My partner and I are Carers. By Carers I mean that we provide unpaid physical, medical, emotional, social and spiritual help and support. We've been the main Carers for various family members and friends for over 13 years now, the entire length of our relationship.
For the last few years our Caring role has been central to everything else in our lives as the Elders we currently support have needed increasing amounts of help. The remote and challenging environment of where we (and the Elders) live adds extra elements to our Care work too. The weather conditions in the winter can mean basic needs, (being warm, having enough food, getting medical help if needed), take a lot of extra time, thought and energy. This coupled with the isolation of our homes has meant its impossible to access help in the form of paid carers. Having said that our local District Nursing and Community Rehabilitation (physiotherapy. occupational therapy) teams are excellent and make the long journey here whenever we need them.
So what has this got to do with Permaculture Design?.
Everything. In order to provide good Care for the Elders, manage one of us going out to work full time, run the farm and deal with any unexpected life events/crises, while at the same time looking after our own health and wellbeing, we need a robust and thorough system to achieve this.
Both through the official reports and through personal and professional experience, the evidence shows that unpaid Carers are at a high risk of stress and neglecting their own health needs. The awareness that we can only Care for the Elders here if we are fit and well, is central to aim of having as good a balance of care of ourselves as well as care of others as possible.
To do this we frequently evaluate how our life in all aspects is going. We use a Design Process (usually SADIMET - Survey, Analyse, Decisions, Implement, Maintain, Evaluate, Tweak ) to do this, at least weekly, but more often if things are uncertain and changeable. Spending anything from 10 minutes to a couple of hours, or on some occasions a whole weekend.

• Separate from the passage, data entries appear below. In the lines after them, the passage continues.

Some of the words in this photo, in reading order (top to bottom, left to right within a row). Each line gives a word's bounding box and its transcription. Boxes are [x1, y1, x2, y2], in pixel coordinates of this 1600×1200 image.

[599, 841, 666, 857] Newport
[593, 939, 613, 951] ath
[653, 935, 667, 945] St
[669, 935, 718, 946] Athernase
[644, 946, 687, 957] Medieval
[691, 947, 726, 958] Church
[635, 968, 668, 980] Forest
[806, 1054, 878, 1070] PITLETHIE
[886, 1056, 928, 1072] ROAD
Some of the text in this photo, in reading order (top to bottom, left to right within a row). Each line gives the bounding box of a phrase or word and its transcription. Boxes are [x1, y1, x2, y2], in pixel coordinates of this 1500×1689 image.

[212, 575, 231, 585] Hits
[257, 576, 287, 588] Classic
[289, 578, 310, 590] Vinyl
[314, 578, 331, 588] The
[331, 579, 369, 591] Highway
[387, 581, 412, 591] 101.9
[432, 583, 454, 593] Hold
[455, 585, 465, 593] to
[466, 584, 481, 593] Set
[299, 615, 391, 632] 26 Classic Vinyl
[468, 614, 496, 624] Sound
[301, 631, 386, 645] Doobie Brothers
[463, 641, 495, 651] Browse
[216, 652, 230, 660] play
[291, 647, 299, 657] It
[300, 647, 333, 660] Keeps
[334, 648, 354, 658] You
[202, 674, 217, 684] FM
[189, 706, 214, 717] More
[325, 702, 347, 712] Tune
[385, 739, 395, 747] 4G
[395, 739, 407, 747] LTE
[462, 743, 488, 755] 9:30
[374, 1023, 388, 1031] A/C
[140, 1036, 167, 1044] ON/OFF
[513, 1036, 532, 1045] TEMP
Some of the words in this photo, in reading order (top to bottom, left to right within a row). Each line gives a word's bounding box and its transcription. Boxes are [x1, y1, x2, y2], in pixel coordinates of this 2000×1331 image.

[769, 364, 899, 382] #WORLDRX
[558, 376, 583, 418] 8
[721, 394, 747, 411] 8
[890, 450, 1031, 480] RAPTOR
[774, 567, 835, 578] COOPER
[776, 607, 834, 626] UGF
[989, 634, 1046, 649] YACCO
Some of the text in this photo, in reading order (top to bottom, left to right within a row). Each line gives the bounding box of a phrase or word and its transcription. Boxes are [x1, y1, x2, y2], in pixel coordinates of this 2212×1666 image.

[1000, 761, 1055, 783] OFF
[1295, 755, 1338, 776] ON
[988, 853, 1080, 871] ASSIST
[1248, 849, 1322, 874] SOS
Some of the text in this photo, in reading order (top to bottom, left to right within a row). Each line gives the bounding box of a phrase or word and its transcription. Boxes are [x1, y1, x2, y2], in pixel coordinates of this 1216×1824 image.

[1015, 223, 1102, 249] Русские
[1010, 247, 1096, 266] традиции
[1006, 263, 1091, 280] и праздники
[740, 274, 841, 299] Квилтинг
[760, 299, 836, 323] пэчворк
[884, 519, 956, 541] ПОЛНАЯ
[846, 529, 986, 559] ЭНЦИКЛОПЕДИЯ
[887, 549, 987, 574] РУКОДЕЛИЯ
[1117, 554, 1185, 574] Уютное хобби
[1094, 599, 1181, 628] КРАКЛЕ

Working through the process has been invaluable to our lives and to the balance we strive for, in terms of time and inner resources spent promoting the health, dignity and well being of those we Care for and the same for ourselves.
Its been an eventful learning journey to get to this point, but using the different elements of Permaculture Design has helped massively. For anyone else interested in applying the Design process to similar situations either now, or in the future, I can recommend reading Looby Macnamara's book 'People and Permaculture', which focuses on using permaculture to design all aspects of our lives, relationships and society. In addition I have recently set up a Facebook Group 'Designing Our Health, Designing Our Care' which aims to provide a space to
share ideas related to using Permaculture Design to guide and enable health and care in their own lives and the lives of others.